DES Cox said he has never been better in his whole life. And I can see why. For the 72-year-old shows no signs of slowing down and has a number of projects ongoing including the release of his latest Christmas single. But this isn't his first foray into making music and many may remember him as one half of High Wycombe singers, Des and Dave. He talks to Rebecca Cain about how Mick Jagger would not even go out with the duo because of their wild antics.

It was December 1964 when Cox met Dave Pope in a swimming pool in High Wycombe. And that Christmas Columbia released their song, Christmas Dreams, with the emphasis very much on having a laugh.

He said: "We did so much TV and radio. It captured the imagination of the media. Heavens knows how many articles were written."

So what was it about Des and Dave? Cox said it was because they made people laugh.

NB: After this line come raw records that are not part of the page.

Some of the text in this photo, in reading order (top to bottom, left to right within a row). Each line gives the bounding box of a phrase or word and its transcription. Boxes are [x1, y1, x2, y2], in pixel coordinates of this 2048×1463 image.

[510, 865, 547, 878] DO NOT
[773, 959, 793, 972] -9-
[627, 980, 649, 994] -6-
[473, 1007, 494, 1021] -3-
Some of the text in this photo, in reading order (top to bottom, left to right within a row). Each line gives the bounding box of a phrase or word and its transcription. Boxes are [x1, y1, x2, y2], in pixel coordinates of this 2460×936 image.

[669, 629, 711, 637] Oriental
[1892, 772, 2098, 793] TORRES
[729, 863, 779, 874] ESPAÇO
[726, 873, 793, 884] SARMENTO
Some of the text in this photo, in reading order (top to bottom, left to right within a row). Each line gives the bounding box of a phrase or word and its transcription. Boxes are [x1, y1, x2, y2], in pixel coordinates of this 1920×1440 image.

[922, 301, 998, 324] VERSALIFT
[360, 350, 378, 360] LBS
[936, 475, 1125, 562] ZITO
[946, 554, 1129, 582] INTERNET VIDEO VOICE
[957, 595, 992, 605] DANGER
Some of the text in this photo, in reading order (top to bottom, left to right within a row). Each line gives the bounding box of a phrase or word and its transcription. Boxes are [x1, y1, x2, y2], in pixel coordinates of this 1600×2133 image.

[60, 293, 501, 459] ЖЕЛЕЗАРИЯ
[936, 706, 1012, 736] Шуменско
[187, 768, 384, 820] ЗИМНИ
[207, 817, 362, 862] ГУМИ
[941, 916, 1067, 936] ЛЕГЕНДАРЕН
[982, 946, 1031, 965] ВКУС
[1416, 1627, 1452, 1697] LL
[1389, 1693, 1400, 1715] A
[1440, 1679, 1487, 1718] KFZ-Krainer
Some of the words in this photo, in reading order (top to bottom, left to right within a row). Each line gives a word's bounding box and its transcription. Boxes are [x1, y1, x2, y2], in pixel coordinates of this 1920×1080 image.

He said: "We were different from the run of the mill. We really enjoyed have a laugh and loved nothing better than going into a local pub anywhere and getting out the guitars and just singing and making people laugh. We got more pleasure from that than appearing on stage which all seemed a little false."

Following the release of the record they found themselves on the major morning radio show, Brian Matthew's Saturday Club, and soon they were touring the world.

And Cox has a host of stories to tell. He wrote the song when he was in Sweden on holiday by himself, after being mistaken for John Lennon.

He said it was the summer of 1963 and he was meant to be going on holiday with three of his friends to Sweden. When they decided not to go he went anyway and when he arrived in the Scandinavian country the immigration officer asked him where the other three were. His passport said he was a pop singer. Thinking this was a bit strange he went along with it and the next thing he knew he was being booked into the top suite at a fancy hotel in Gothenburg.

It wasn't until he saw a paper that he realised The Beatles were coming to the country and he had been mistaken for John Lennon.

But Cox went along with it and found himself sitting on the bar in the hotel singing, 'She Loves You, Yeah Yeah Yeah' to the Mayor and the manager of the hotel. The next morning he thought he better leave as he knew the Beatles were performing in Stockholm that night. Having only £40 in his pocket, he told reception to make the bill payable to Brian Epstein, The Beatles manager.

It was when he was travelling on a train to get "as far away as possible" that he wrote Christmas Dreams.

And Dave was the missing piece of the puzzle.

Cox said they had an amazing time together. He said: "People like The Rolling Stones and other bands would not come out with us for a drink. We would just pop down to the local for a drink and come back four days later.

"We were terrible. I laughed all the time. People would run a mile from us. Mick Jagger would say there is no way I am going out for a drink with you two again."

They separated after two years and Cox was teamed up with Chris Collier to be Dave. As time went by he decided it wasn't for him and Cox stepped out of the limelight and has since had a host of jobs from a theatre manager to producing and editing on TV programmes. He has just written an autobiography called Jumping for Balloons.

Cox lives in East Sussex now but still has many relatives in High Wycombe.

Unfortunately the duo haven't seen eachother since 1972. He said he tried to get in touch with Dave to no avail so he has released the new song, To Wish You A Merry Christmas, alone.

He said: "I was writing my autobiography and I was writing about Christmas as they used to be. I thought we haven't had a Christmas song that captures the true spirit of Christmas since White Christmas which I though was the greatest Christmas song of all.

"We got a tremendous response when we released the Christmas record way back. There was a song in my head waiting to come out. I picked up the guitar and I did it."